A lonely place to be
So I learned to depend on me
When Whitney sang this song for members of the Navy, their response was tremendous.  Thousands of sailors swayed with heads held high, hands held up, and some waving flags, raptly enjoying the sincere and moving tribute.   Although Whitney's musical ministry and outreach diminished in later years due to her personal struggles, it cannot be disputed that she had a loving and giving heart, and that, through her limitless talent, she brought a great deal of pleasure and happiness not only to heroes, but to the world.
Our military heroes would be the last to place the value of their lives above hers; or anyone's for that matter. Humility is one of the hallmarks of heroism.  They fight and die for us all, and before that, they are human beings with the same love of American culture that we all possess.  The lives of soldiers are enriched by technology (yes, Apple products; and Microsoft's Skype), good music, hilarious and inspirational movies, books and magazines, the miracle of Kevlar and other life-saving equipment, Hershey's chocolate, and countless other of life's blessings. In that sense, for their service to those who serve us, individuals like Jobs and Houston are indeed heroes.  

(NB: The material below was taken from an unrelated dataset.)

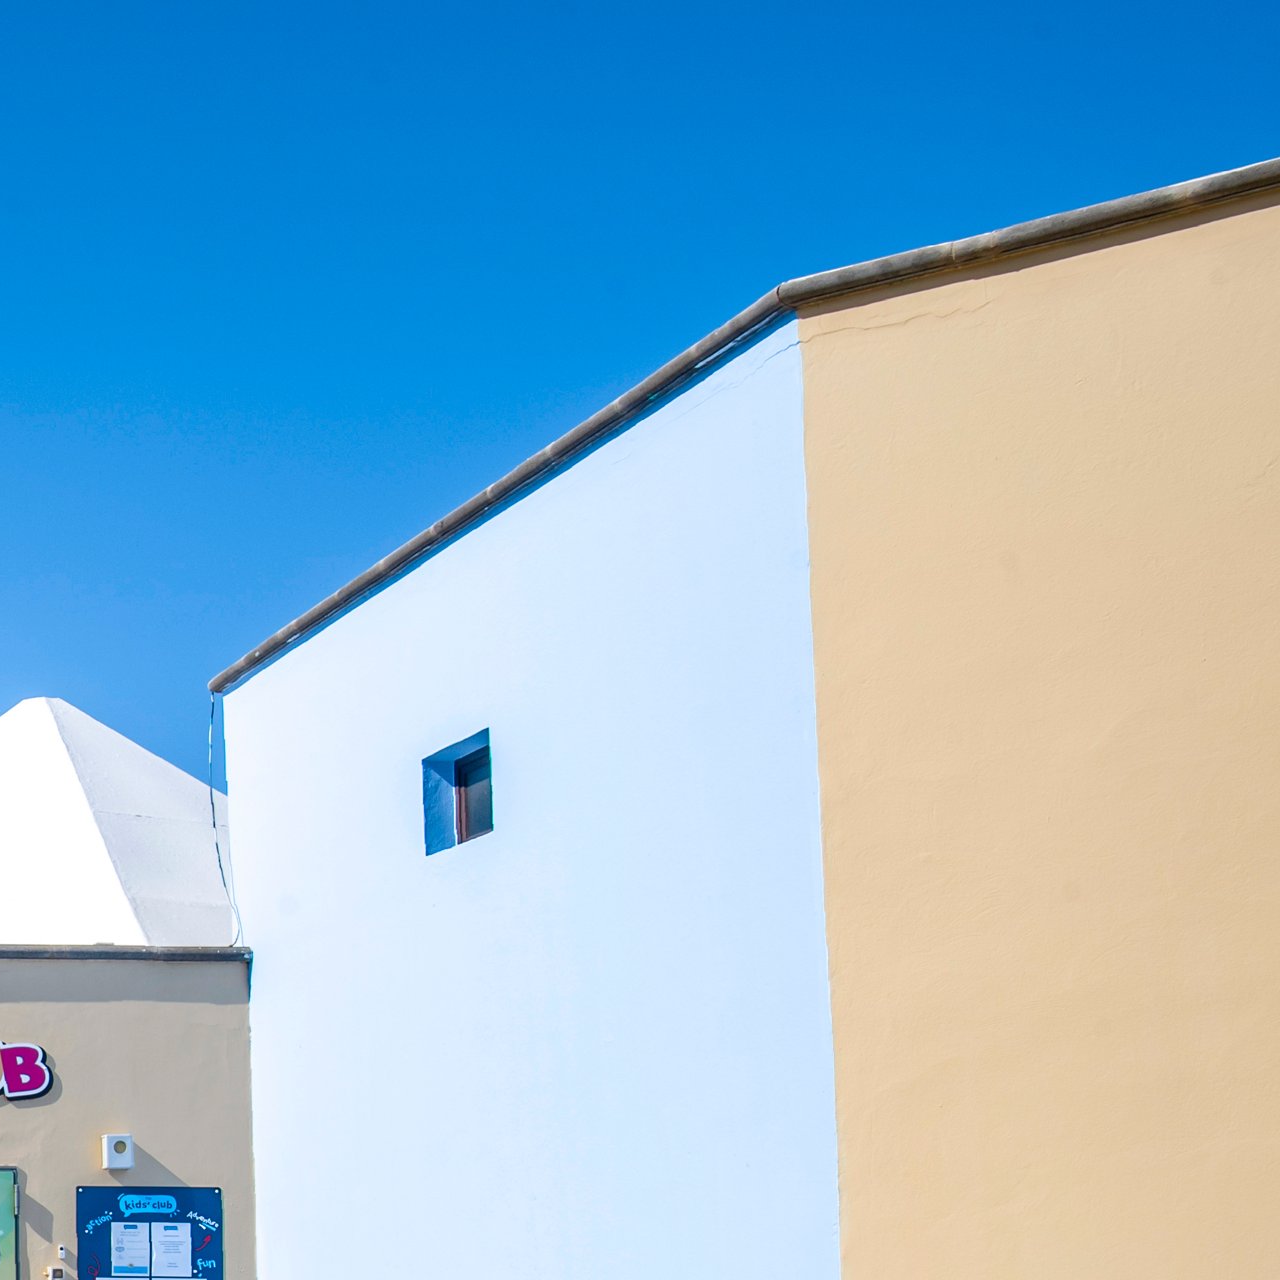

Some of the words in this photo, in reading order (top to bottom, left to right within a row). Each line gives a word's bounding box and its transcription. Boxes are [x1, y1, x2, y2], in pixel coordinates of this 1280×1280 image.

[152, 1200, 173, 1209] club
[86, 1214, 112, 1230] action
[186, 1211, 219, 1228] Adventure

As for Whitney's battle with drugs, alcohol, and self-destruction, our soldiers understand that as well. The re acclimation to society is a hard transition for men and women bruised by combat, and many of them wrestle the same demons.  Illness and addiction are not all that make up the person they plague, and  it is possible for them to coexist with traits of humanity, strength of character and sensitivity. The ones who are hurting understand this fact; unfortunately, the remainder of us often do not.  
The English poet John Donne (1572-1631) wrote: "Any man's death diminishes me, because I am involved in Mankind; And therefore never send to know for whom the bell tolls; it tolls for thee."
Our lives are diminished by the death of Miss Whitney Houston.  She was one among us, and out of appreciation and respect, we mourn her passing.